[Assignment]:
Every entry must be repeated exactly. Exclude all pictures.

══ Input for this task ══

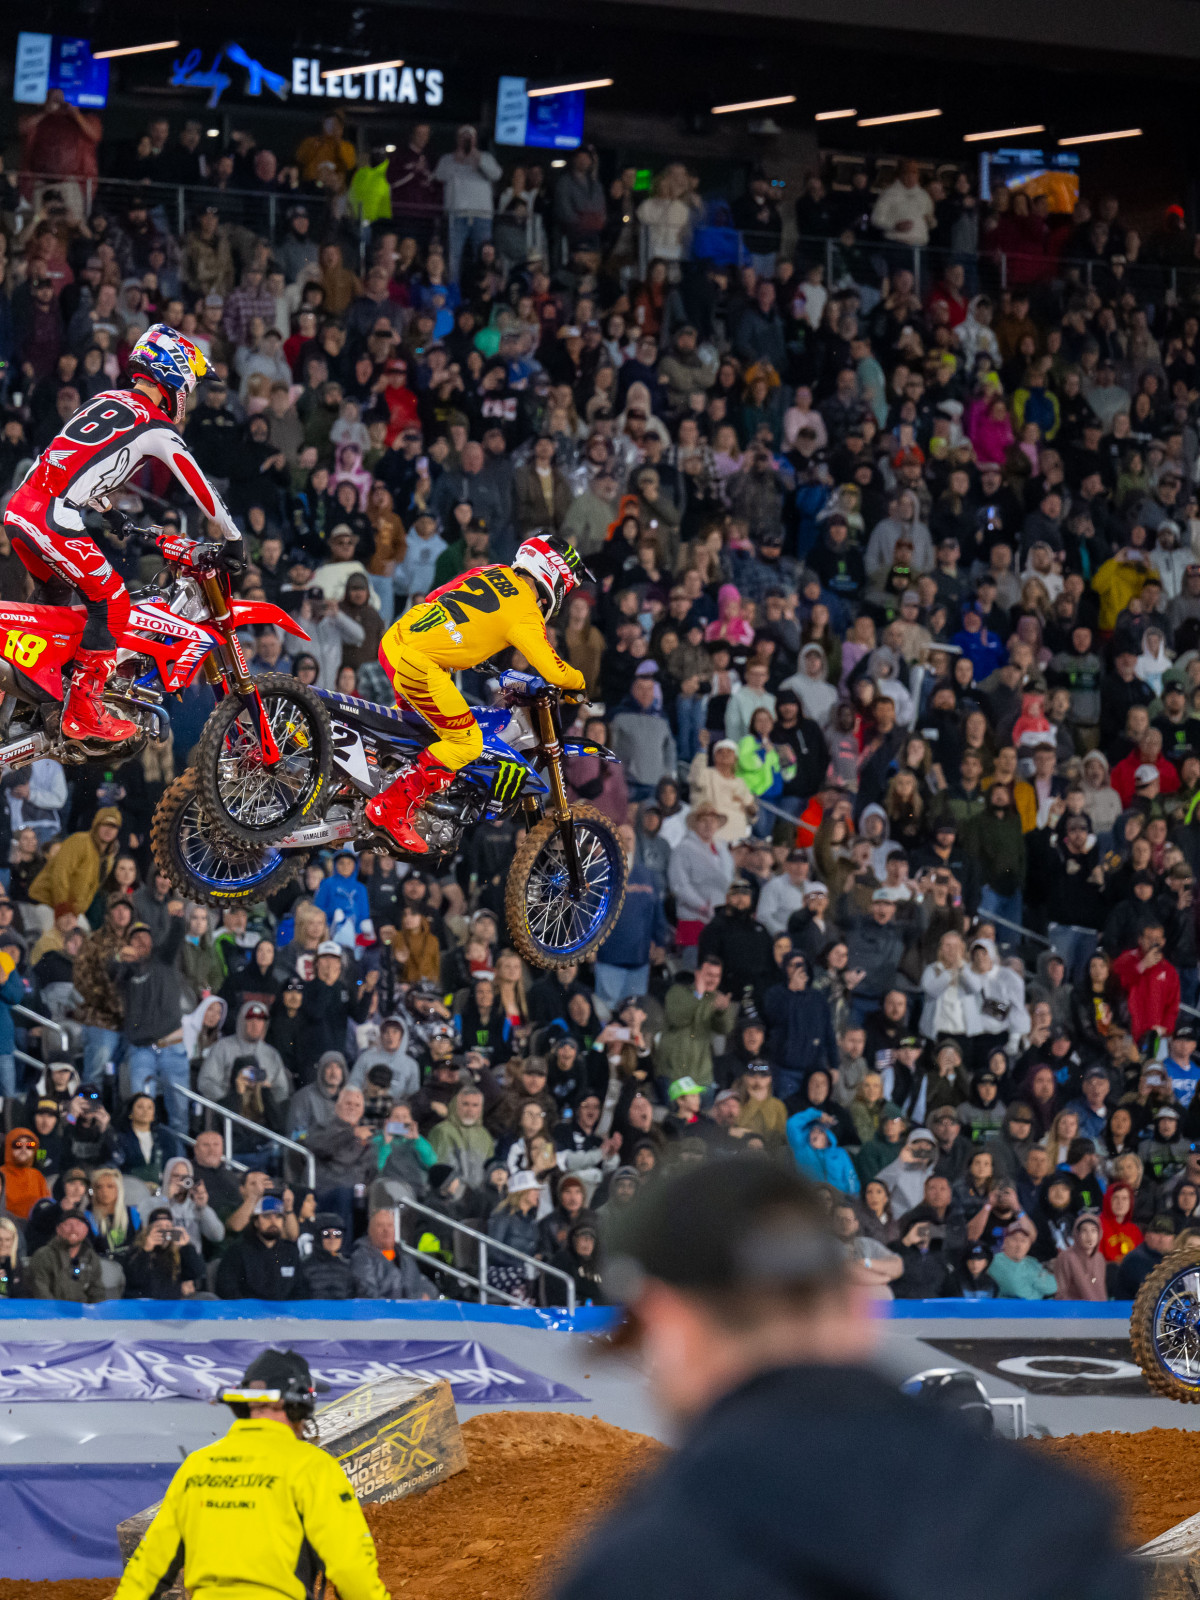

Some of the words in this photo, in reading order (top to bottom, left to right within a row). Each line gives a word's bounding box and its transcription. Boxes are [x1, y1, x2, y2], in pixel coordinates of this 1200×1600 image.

[292, 57, 444, 106] ELECTRA'S
[48, 562, 78, 588] HONDA
[482, 566, 520, 598] WEBB
[544, 549, 575, 588] 100%
[437, 576, 500, 625] 2
[134, 615, 202, 640] HONDA
[3, 629, 48, 669] 18
[230, 634, 250, 674] SHOWA
[340, 703, 360, 715] YAMAHA
[301, 775, 324, 816] DUNLOP
[302, 829, 330, 841] YAMALUBE
[209, 889, 251, 899] DUNLOP
[379, 1463, 445, 1505] CHAMPIONSHIP
[206, 1500, 256, 1509] SUZUKI
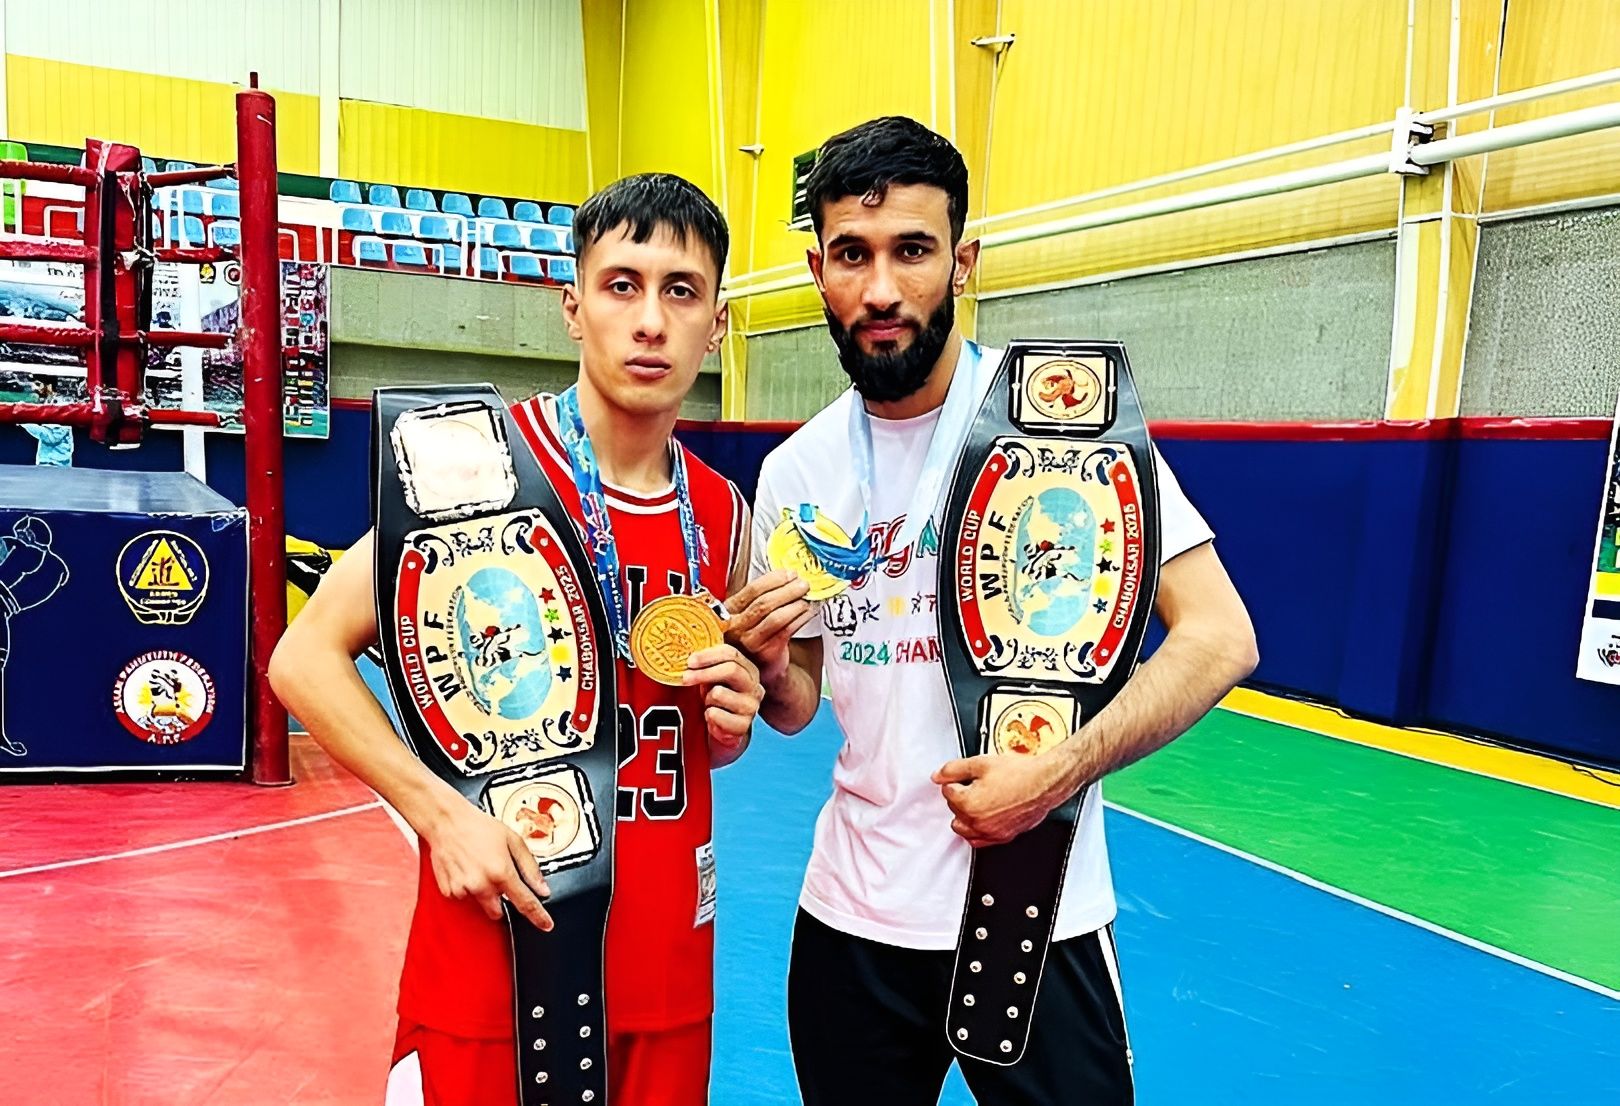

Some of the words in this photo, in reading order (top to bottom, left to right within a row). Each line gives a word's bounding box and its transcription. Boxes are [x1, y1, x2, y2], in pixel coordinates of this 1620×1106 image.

[963, 509, 981, 540] CUP
[1123, 503, 1139, 540] 2025
[555, 565, 581, 602] 2025
[960, 545, 974, 602] WORLD
[400, 615, 416, 648] CUP
[840, 640, 892, 666] 2024
[405, 653, 434, 710] WORLD

═══

[Your solution]:
Some of the words in this photo, in reading order (top to bottom, left to right within a row). Each line gives a word's bounding box and its transcription. Boxes are [x1, y1, x2, y2], in pixel coordinates of this 1200×1600 image.

[292, 57, 444, 106] ELECTRA'S
[48, 562, 78, 588] HONDA
[482, 566, 520, 598] WEBB
[544, 549, 575, 588] 100%
[437, 576, 500, 625] 2
[134, 615, 202, 640] HONDA
[3, 629, 48, 669] 18
[230, 634, 250, 674] SHOWA
[340, 703, 360, 715] YAMAHA
[301, 775, 324, 816] DUNLOP
[302, 829, 330, 841] YAMALUBE
[209, 889, 251, 899] DUNLOP
[379, 1463, 445, 1505] CHAMPIONSHIP
[206, 1500, 256, 1509] SUZUKI

Some of the words in this photo, in reading order (top to bottom, left to right within a row). Each line gives a word's bounding box and its transcription. Boxes are [x1, y1, x2, y2], in pixel coordinates of this 1620×1106 image.

[963, 509, 981, 540] CUP
[1123, 503, 1139, 540] 2025
[555, 565, 581, 602] 2025
[960, 545, 974, 602] WORLD
[400, 615, 416, 648] CUP
[840, 640, 892, 666] 2024
[405, 653, 434, 710] WORLD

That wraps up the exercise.